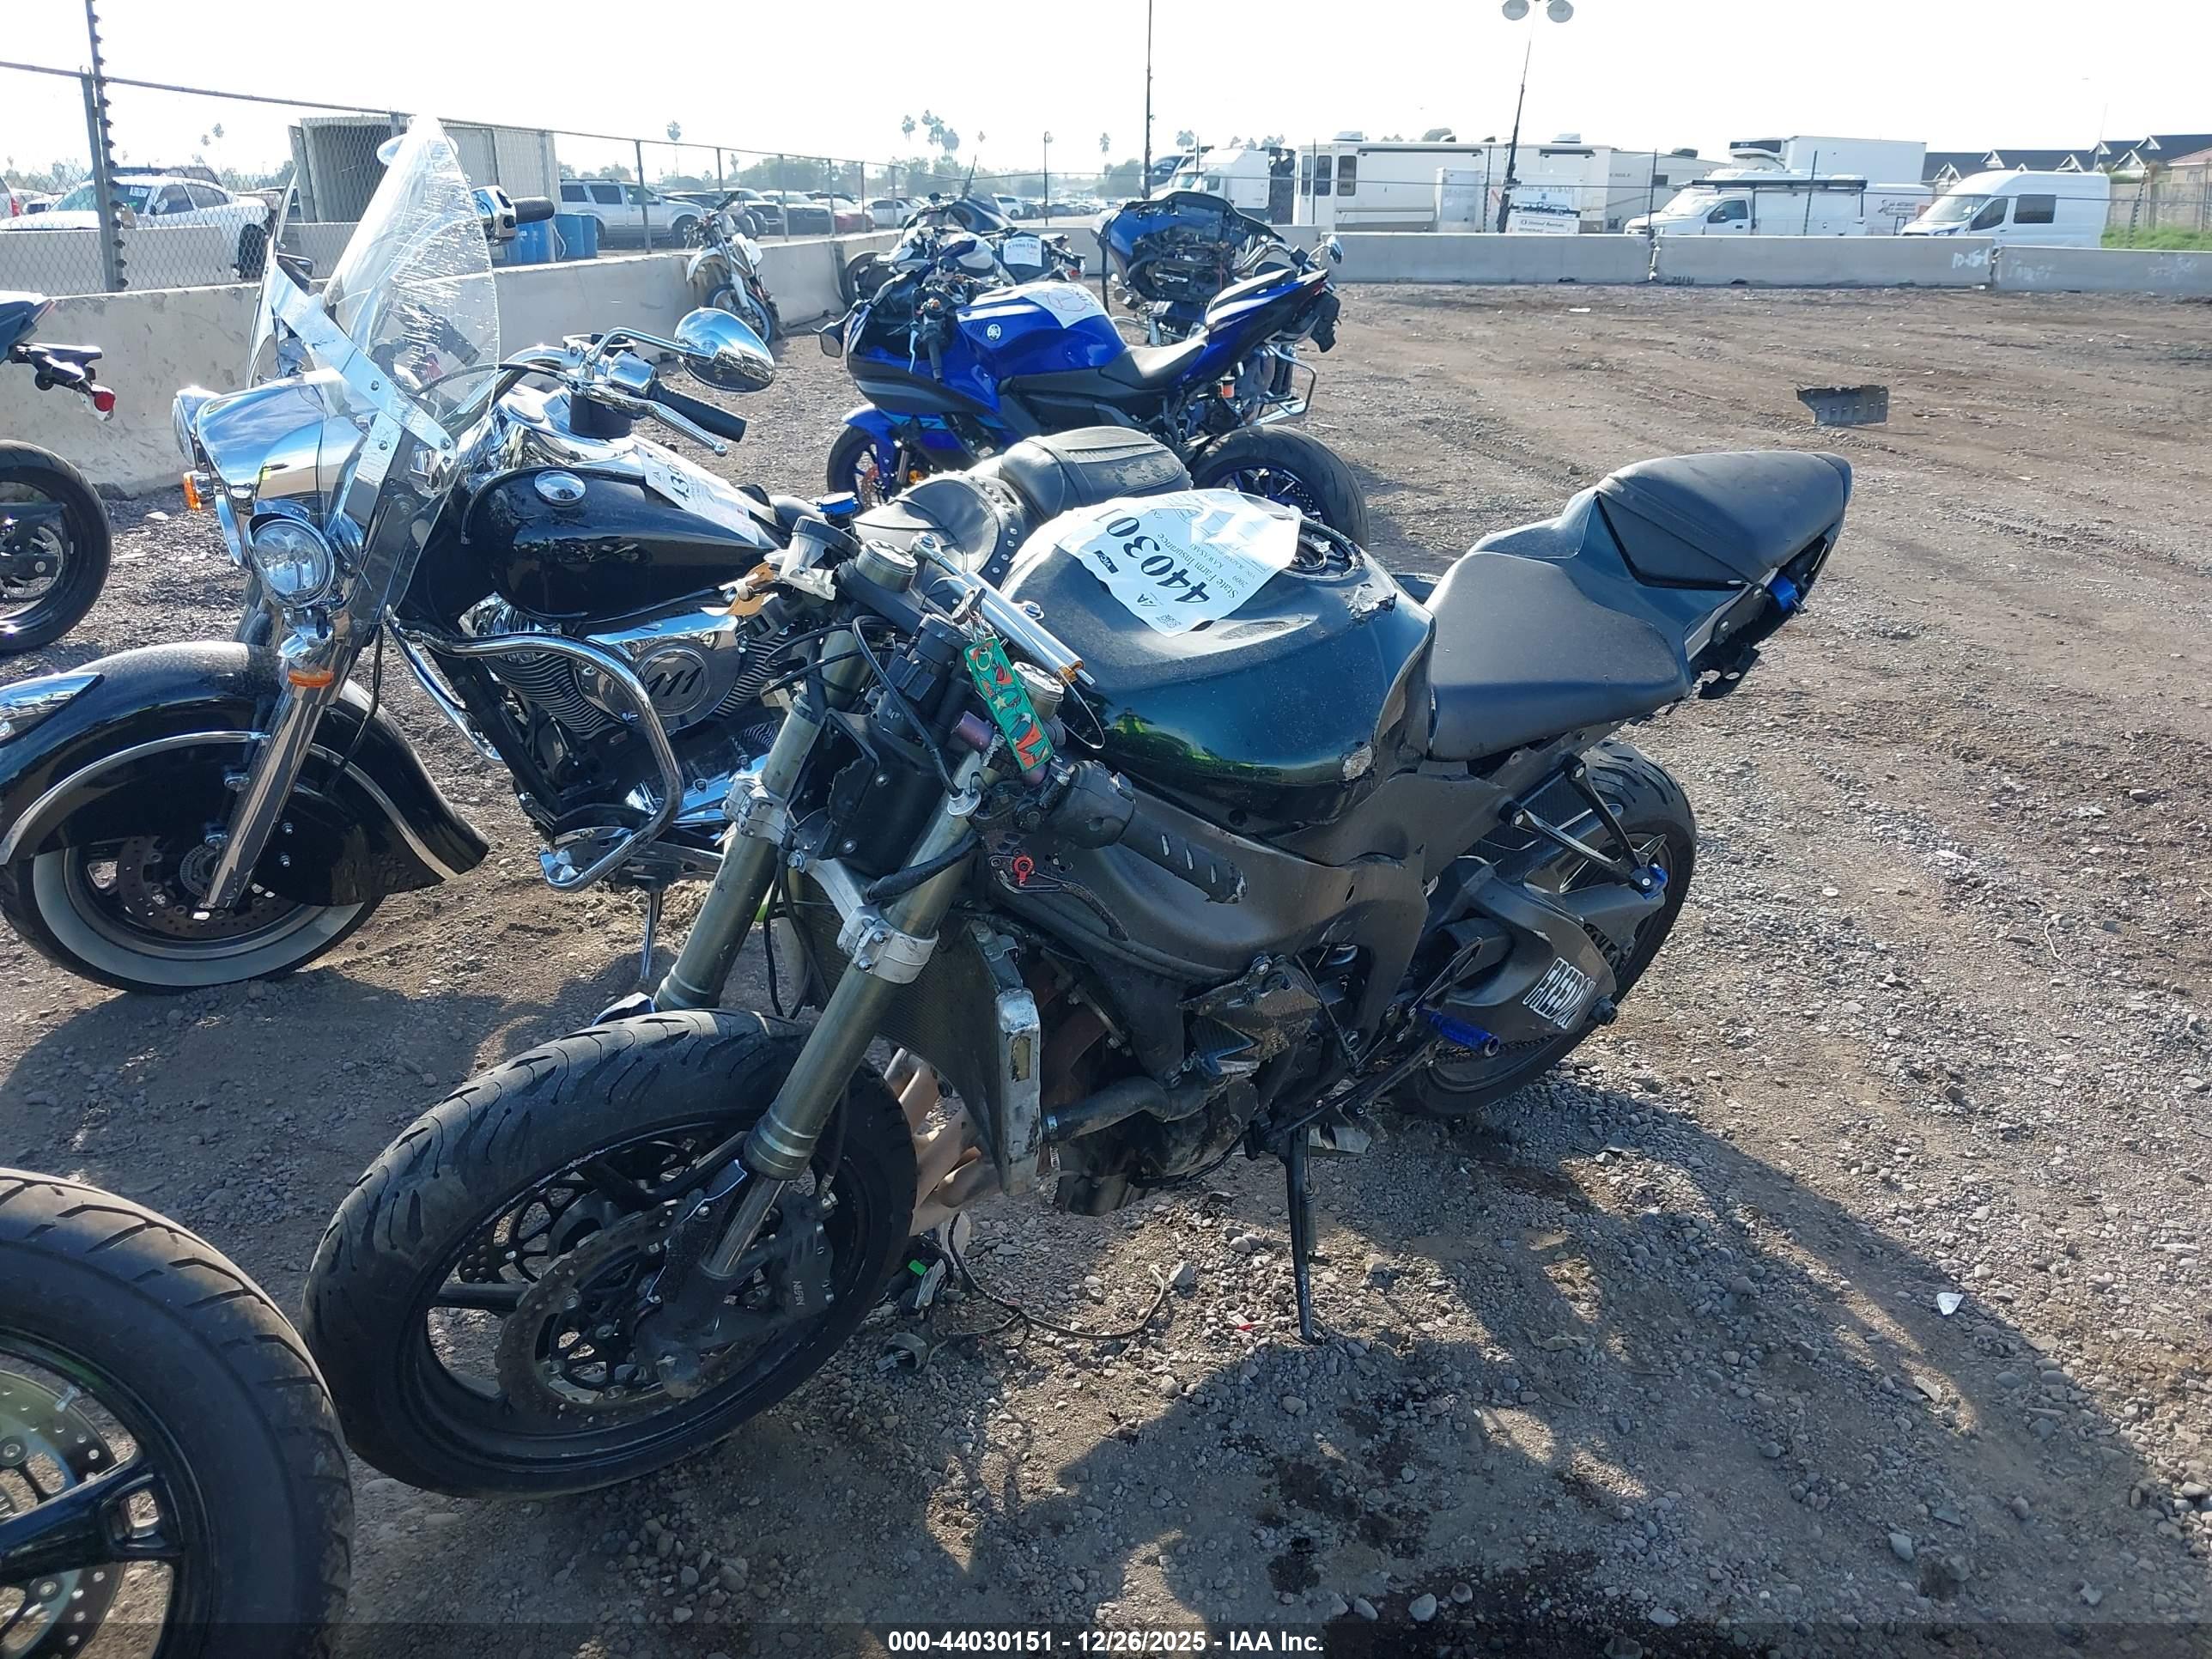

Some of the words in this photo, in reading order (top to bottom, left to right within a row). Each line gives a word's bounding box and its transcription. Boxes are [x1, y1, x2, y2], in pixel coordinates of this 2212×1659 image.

[1158, 532, 1195, 567] Insurance
[1189, 543, 1224, 569] KAWASAKI
[1194, 562, 1217, 582] Farm
[1215, 578, 1239, 599] State
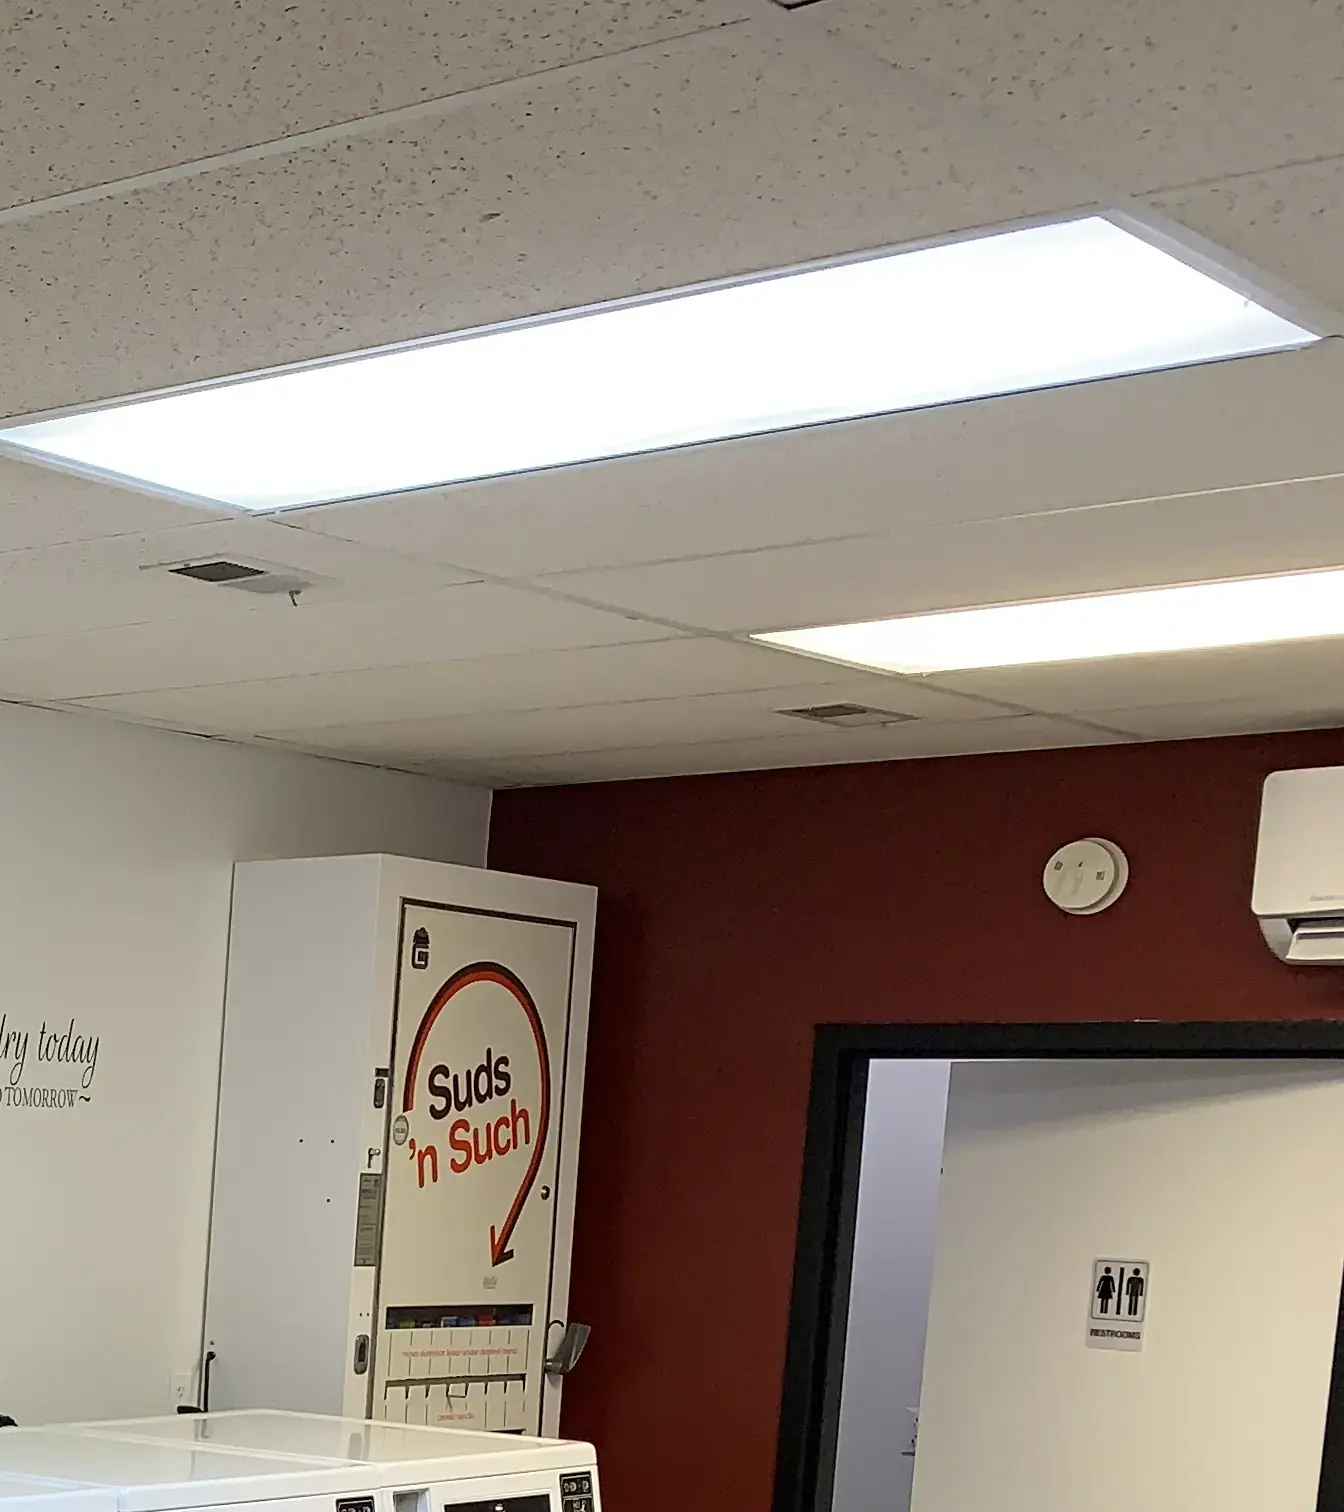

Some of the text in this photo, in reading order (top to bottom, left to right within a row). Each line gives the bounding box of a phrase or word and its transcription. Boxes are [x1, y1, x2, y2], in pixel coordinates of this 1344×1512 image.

[37, 1018, 100, 1089] today
[428, 1047, 512, 1120] Suds
[4, 1086, 78, 1108] TOMORROW
[449, 1098, 531, 1174] Such

......

→ What you should do
All entries must come back exactly as written, though without their pictures.

→ Response for this exercise
Some of the words in this photo, in reading order (top to bottom, left to right within a row). Each line gives a word's bounding box and its transcription. Boxes are [x1, y1, x2, y2], in pixel coordinates of this 2212×1659 image.

[1158, 532, 1195, 567] Insurance
[1189, 543, 1224, 569] KAWASAKI
[1194, 562, 1217, 582] Farm
[1215, 578, 1239, 599] State

Some of the text in this photo, in reading order (top to bottom, left to right within a row). Each line gives the bounding box of a phrase or word and its transcription. Boxes are [x1, y1, x2, y2], in pixel coordinates of this 1344×1512 image.

[37, 1018, 100, 1089] today
[428, 1047, 512, 1120] Suds
[4, 1086, 78, 1108] TOMORROW
[449, 1098, 531, 1174] Such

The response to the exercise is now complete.